Evasão escolar e a realidade brasileira

Enviada em 03/11/2021

A Constituição Federal de 1988 estabelece o direito a educação como inalienável a todos os cidadãos. Entretanto, a prática difere-se da legislação, já que a evasão escolar é um problema no Brasil. Isso ocorre, entre muitos motivos, pela gravidez na adolescência e pelo falho sistema educacional presente. Diante do exposto, são fulcrais medidas para sanar a saída de pessoas da escola. Em primeiro plano, é lícito postular a falta de auxílio nas desistências educacionais motivadas pela gestação precoce.

Dessa forma, a novela “Malhação: viva a diferença” traz a personagem Keyla que demonstra os desafios da gravidez em idade escolar. Paralelamente a ficção, a realidade não é diferente, visto que são muitas as adversidades enfrentadas por meninas que se tornam gestantes jovialmente. Em comprovação, um estudo da Fundação Abrinq revelou que quase 30% das mães adolescentes (até 19 anos) não terminaram os estudos, o que, muitas vezes, impacta negativamente no futuro dessas garotas. Logo, é analisado a necessidade de métodos para amparar meninas que desistem dos estudos por causa da gravidez.

Ademais, é imperioso elucidar o antiquado modelo educacional vigente no país. Nessa perspectiva, o filósofo Michel Foucault, na obra “Vigiar e Punir”, crítica as instituições de ensino comparando-as às instituições de confinamento, na qual os alunos se tornam seres padronizados e são obrigados a obedecer, o que leva ao desinteresse dos estudantes no que tange a permanência na escola. Sob essa ótica, a reportagem do programa Profissão Repórter divulgou que a maioria dos jovens não se sentem atraídos pela escola e sentem a necessidade de mudança no modo em que as disciplinas são aplicadas. Sendo assim, fica claro que o arcaico padrão do ensino brasileiro é uma das causas da evasão escolar.

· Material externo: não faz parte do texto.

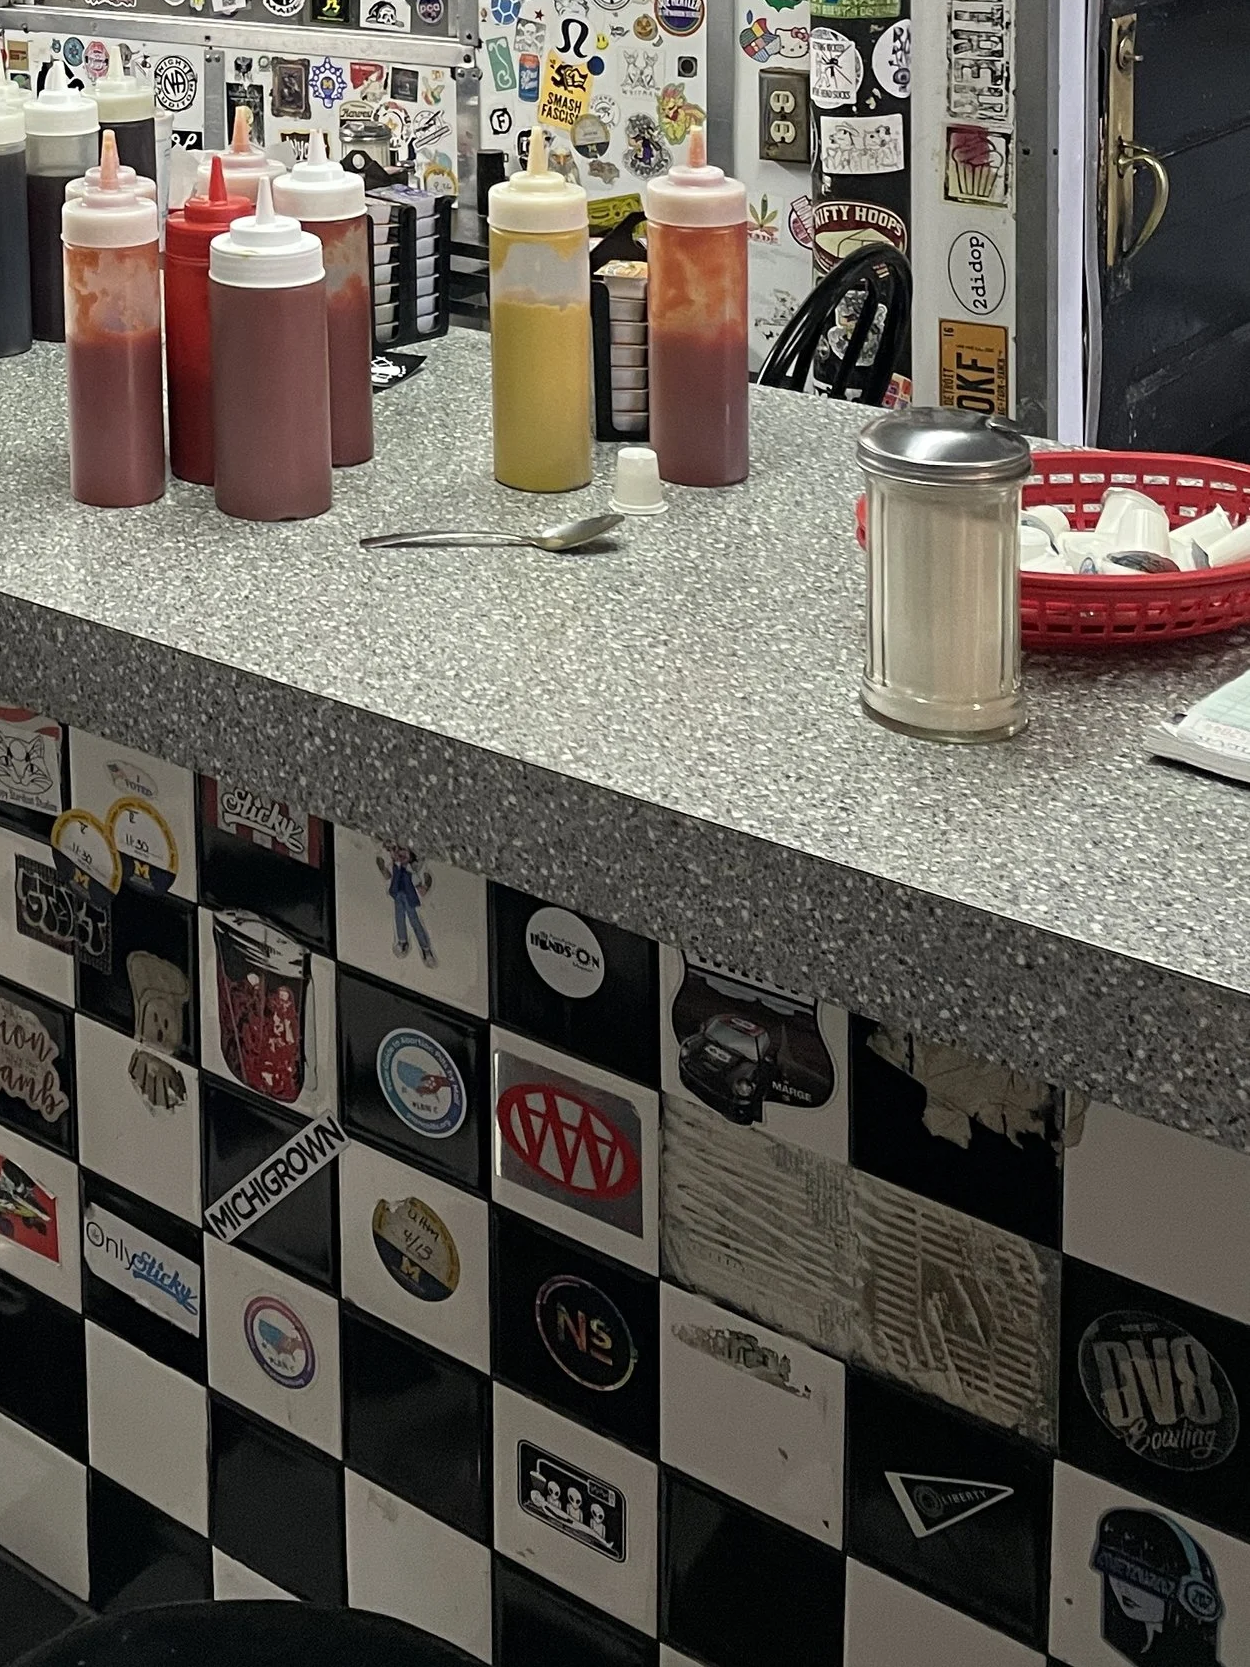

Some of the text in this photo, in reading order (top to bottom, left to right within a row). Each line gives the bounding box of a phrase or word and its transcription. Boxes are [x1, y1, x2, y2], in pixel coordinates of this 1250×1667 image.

[266, 0, 299, 14] MADE
[156, 58, 189, 79] NIGHT
[547, 92, 582, 117] SMASH
[813, 205, 903, 236] NIFTY HOOPS
[968, 235, 988, 310] 2didop
[943, 326, 955, 408] DETROIT 16
[124, 776, 157, 799] VOTED
[222, 786, 306, 855] Sticky
[71, 839, 95, 867] 11:30
[123, 832, 150, 854] 11:30
[73, 866, 91, 891] M
[134, 859, 151, 879] M
[771, 1080, 812, 1102] MARGE
[208, 1113, 348, 1241] MICHIGROWN
[1093, 1335, 1223, 1427] DV8
[1126, 1420, 1219, 1458] Bowling
[941, 1488, 987, 1508] LIBERTY
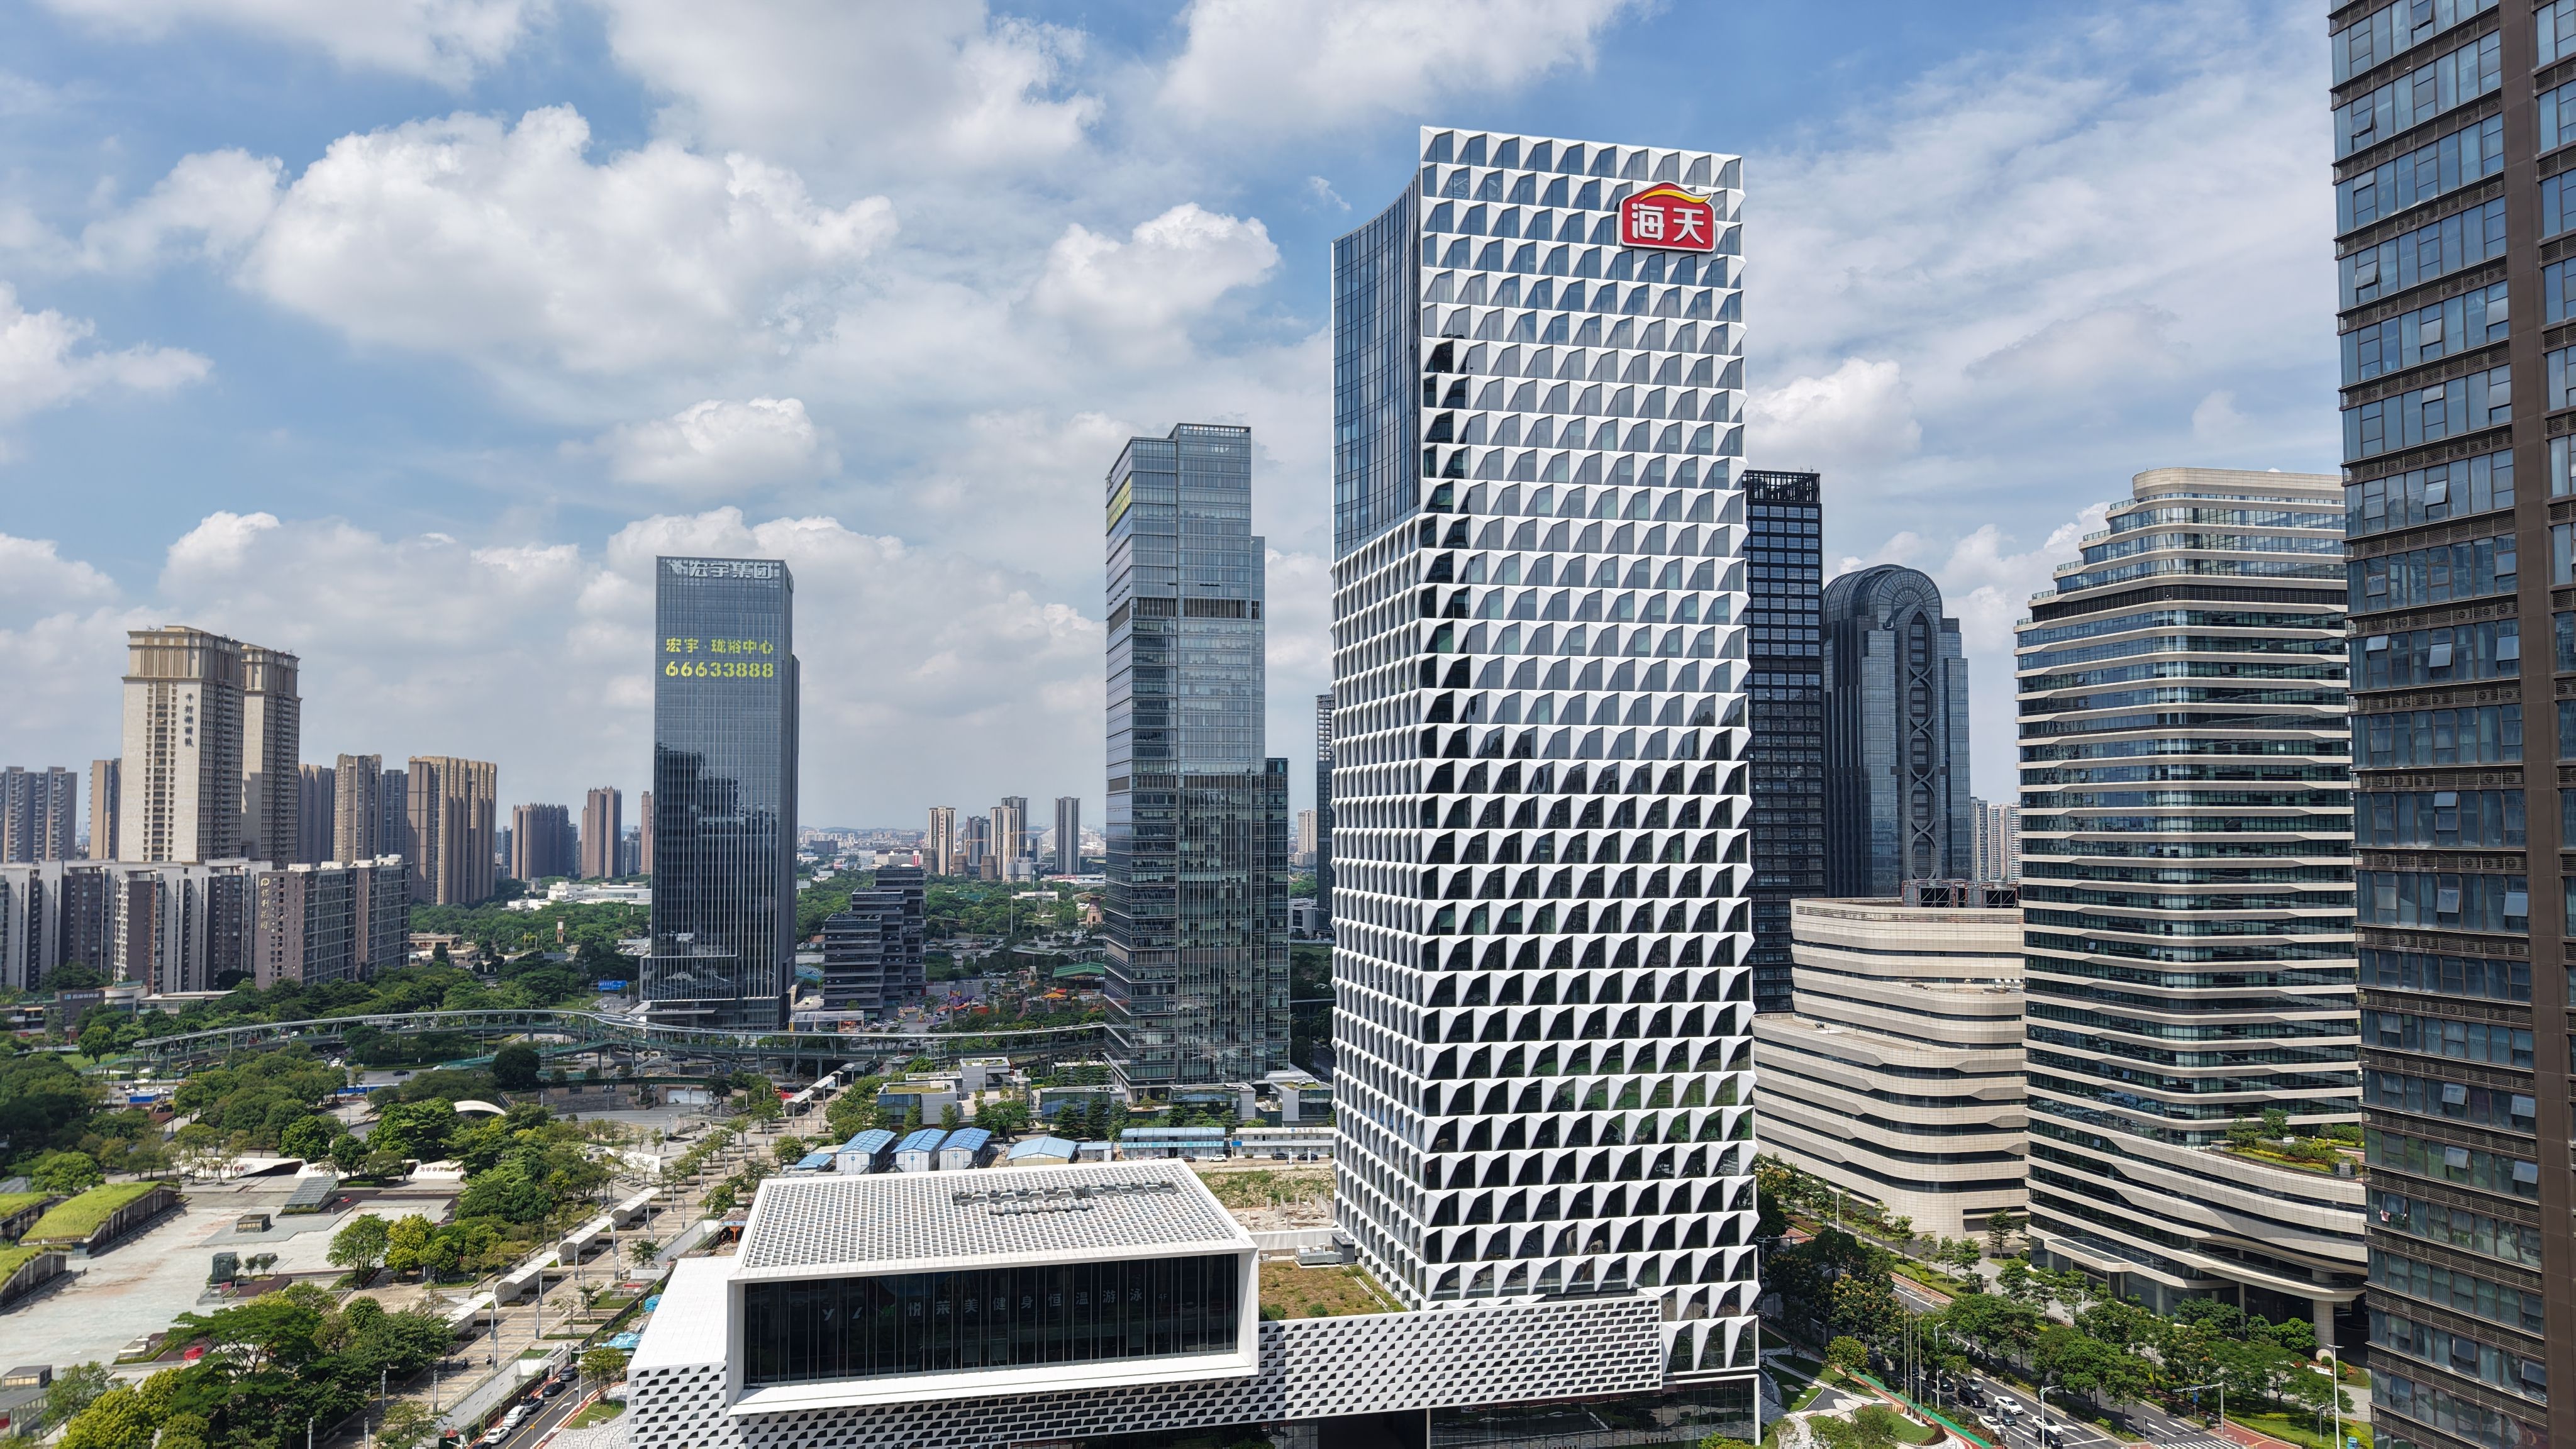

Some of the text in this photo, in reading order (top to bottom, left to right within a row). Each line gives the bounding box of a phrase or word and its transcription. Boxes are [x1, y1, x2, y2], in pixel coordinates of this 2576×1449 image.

[1631, 203, 1704, 244] 海天
[689, 560, 772, 579] 宏宇集团
[665, 661, 774, 678] 66633888

Portanto, é imprescindível ações operantes para frear a evasão escolar no Brasil. Para isso, é necessário acompanhamento educacional domiciliar para as meninas mães. Outrossim, é essencial que o Ministério da Educação -órgão responsável pela Base Comum Curricular- adote outros métodos de ensino, por meio de projetos criados por profissionais da educação e psicólogos. Para que, assim, seja possível contornar a situação no que concerne a evasão escolar da pátria.